Furthermore it concentrates all information about the account users in one place instead of spreading it over multiple networks that might not be equally surveilled. Due to the recording of access to email accounts a surveilling party only needs to secure the cooperation (or undermine the protections) of a single party to gain access to the IP-Addresses of communicating parties and times/dates when communication took place.
And this appears to be so in this case.
Phase VII: Identifying other parties
It is unclear how PETRAEUS was linked to EMAIL_ACCOUNTS_C. Most likely the IP-Address information stored by the email provider at each access was used to identify other parties involved. For this subpoenas to Internet service providers could have been used to identify the users of the IP-Addresses stored in the email account logfiles.

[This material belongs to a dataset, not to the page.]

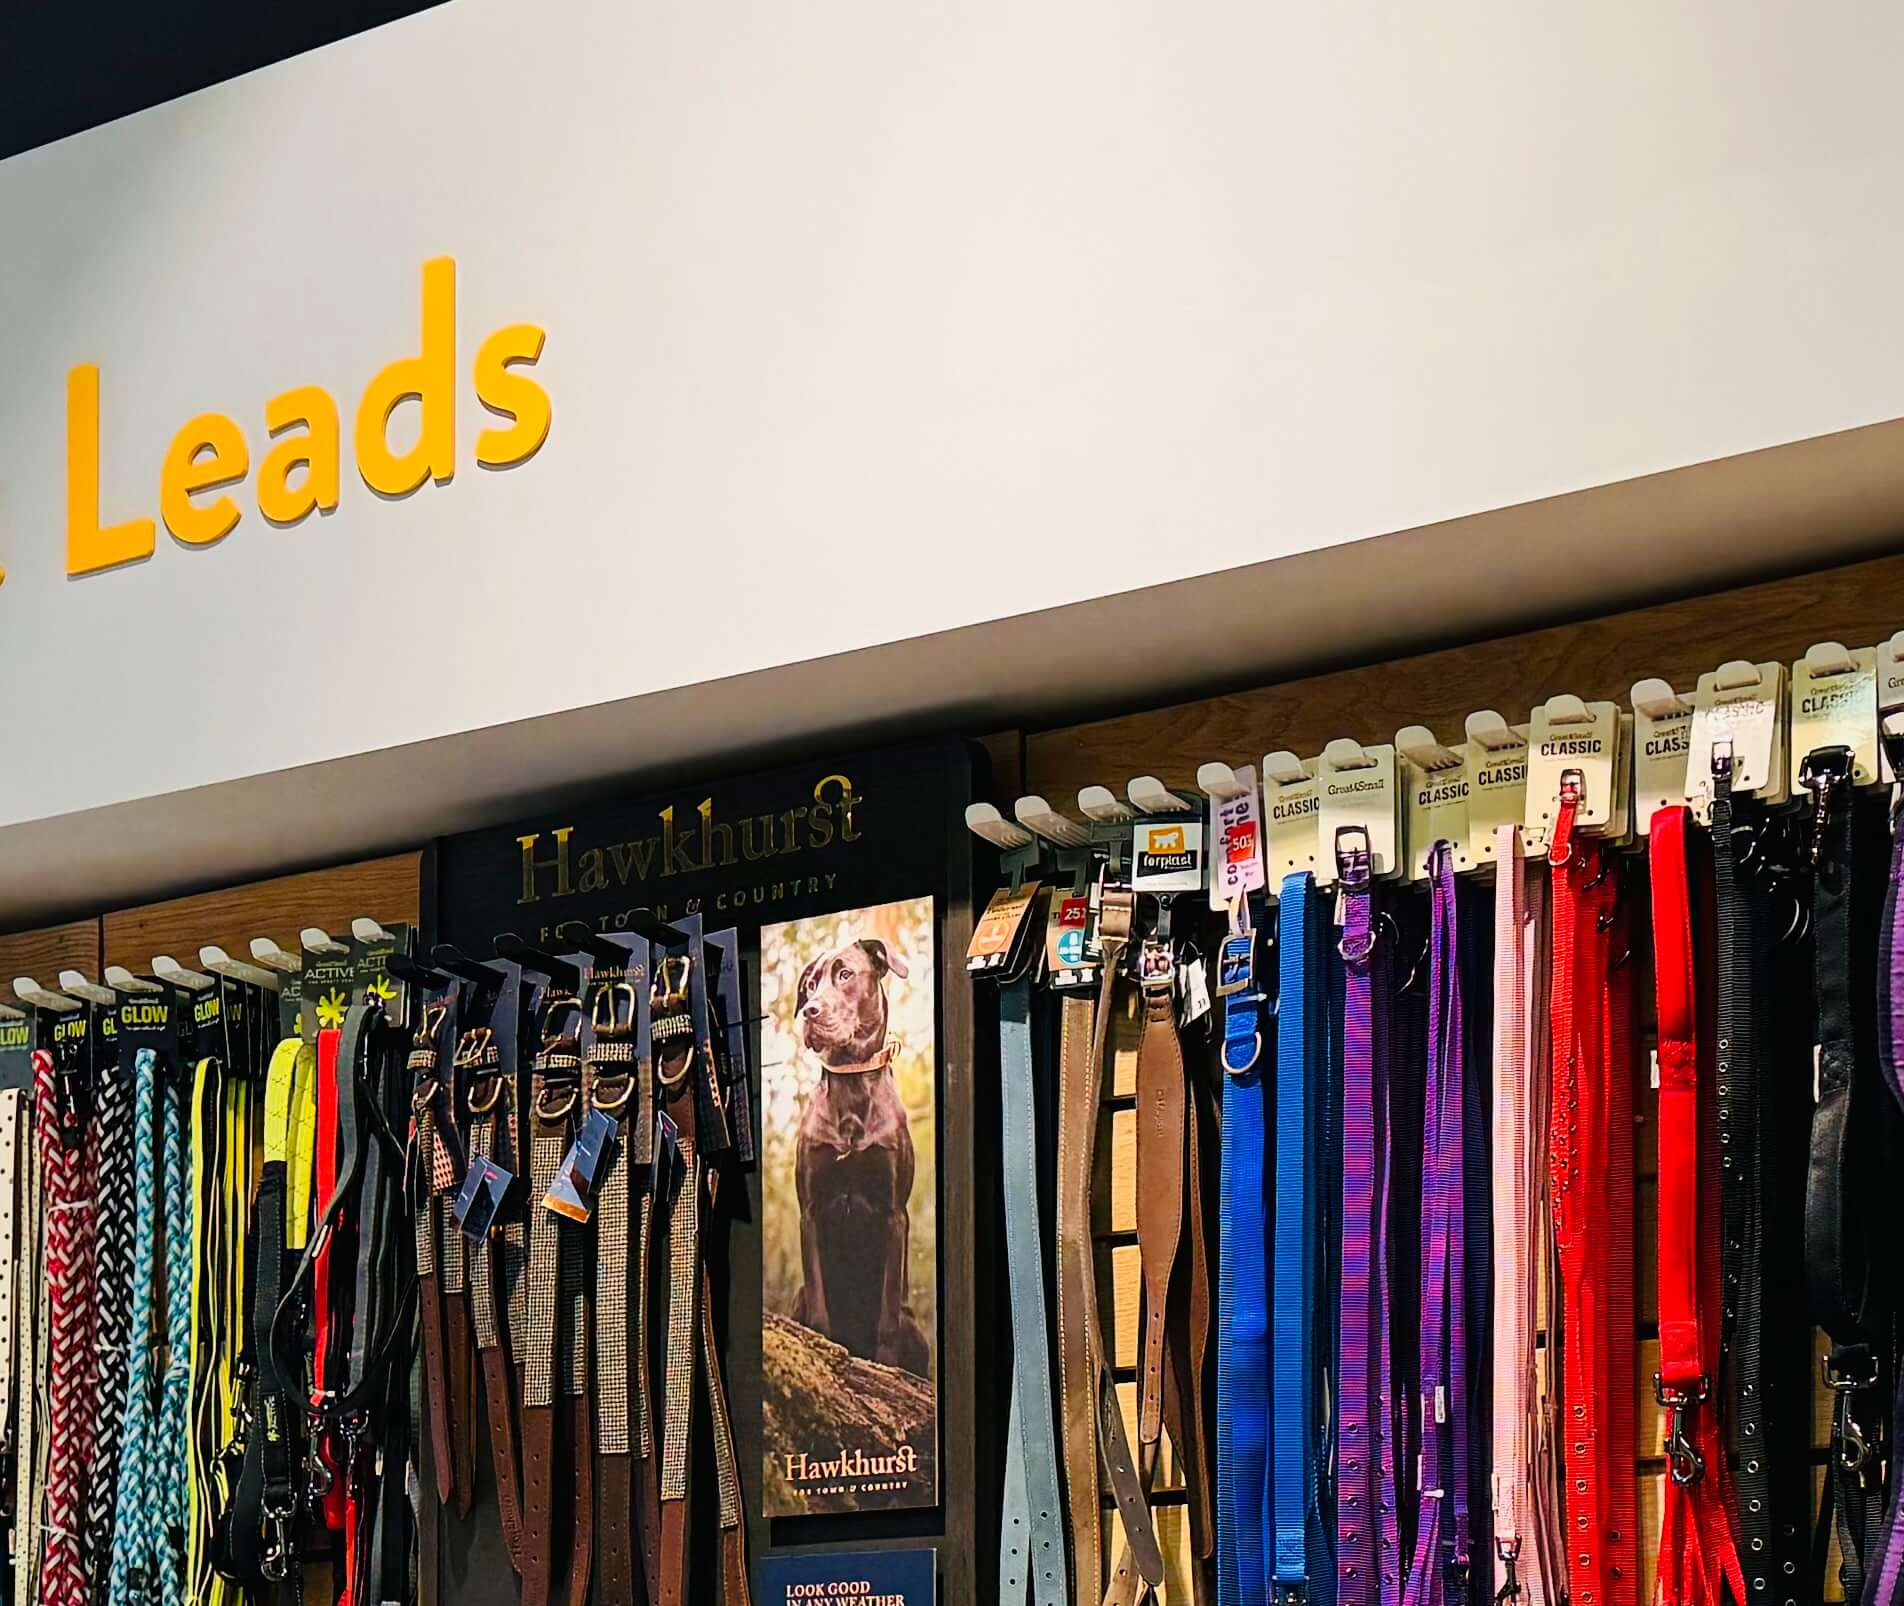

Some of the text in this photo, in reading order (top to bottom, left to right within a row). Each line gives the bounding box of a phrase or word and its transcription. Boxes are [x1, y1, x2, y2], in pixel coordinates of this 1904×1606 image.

More likely however the FBI connected one or more of these IP-Addresses to the CIA immediately and left the final identification to their IT department.
Commentary on the case
Public knowledge about the case is very limited both in depths and reliability. What can be concluded however is that the FBI used a wide array of investigative methods and resources on a simple harassment case that escalated to a case about concerns on national security during the investigation.
If this was in any way justified remains to be seen.
Several lessons can be drawn from this story:
- Investigations that begin with a low interest and impact can escalate quickly, drawing in more and more potent methods and technologies.
- Most internet service providers, email providers and hospitality businesses are not sufficient guardians of one’s privacy.
- Context-Information and Meta-Data (email headers, access logs, IP-Addresses) are the prime source of information for intelligence and investigation operations. These can easily be processed automatically by software because they were created by computers for computers.
- Hear-say tradecraft (Drafts-folder as digital dead drop) without an understanding of backgrounds to protect one’s privacy is not only insufficient but even counter-productive as shown in this case.
Good digital tradecraft for E-Mail
Good tradecraft for protecting email communication does exists:
- Protect email content through message encryption, like GnuPG
- Do not rely on third party storage of emails. Download emails and delete them from the email server.
- Store email and other information (such as browser data) securely using Full Disk Encryption like TrueCrypt.
- Points 1-3 also mean that one shall not use webmail services.
- Select an email provider that is privacy conscious: Removing identifying header information from emails and protecting whois/domain-data or being registered in a jurisdiction other than your own.
- Use encryption to communicate with the email provider: Insist on TLS/SSL encrypted access to their SMTP (outgoing) or POP3/IMAP4 (incoming) servers.
- Only access the Internet with anonymization methods enabled that conceal your true IP-Address from third parties, like Tor/I2P/Multi-Hop VPNs.
- Do not draw unneeded attention towards yourself by harassing people needlessly.
These are only the minimal tradecraft rules for secure and private email use.
But they would have been sufficient to protect PETRAEUS and BROADWELL.
Update 2012-11-15: Added option 5 to “Phase V: Widening the picture”.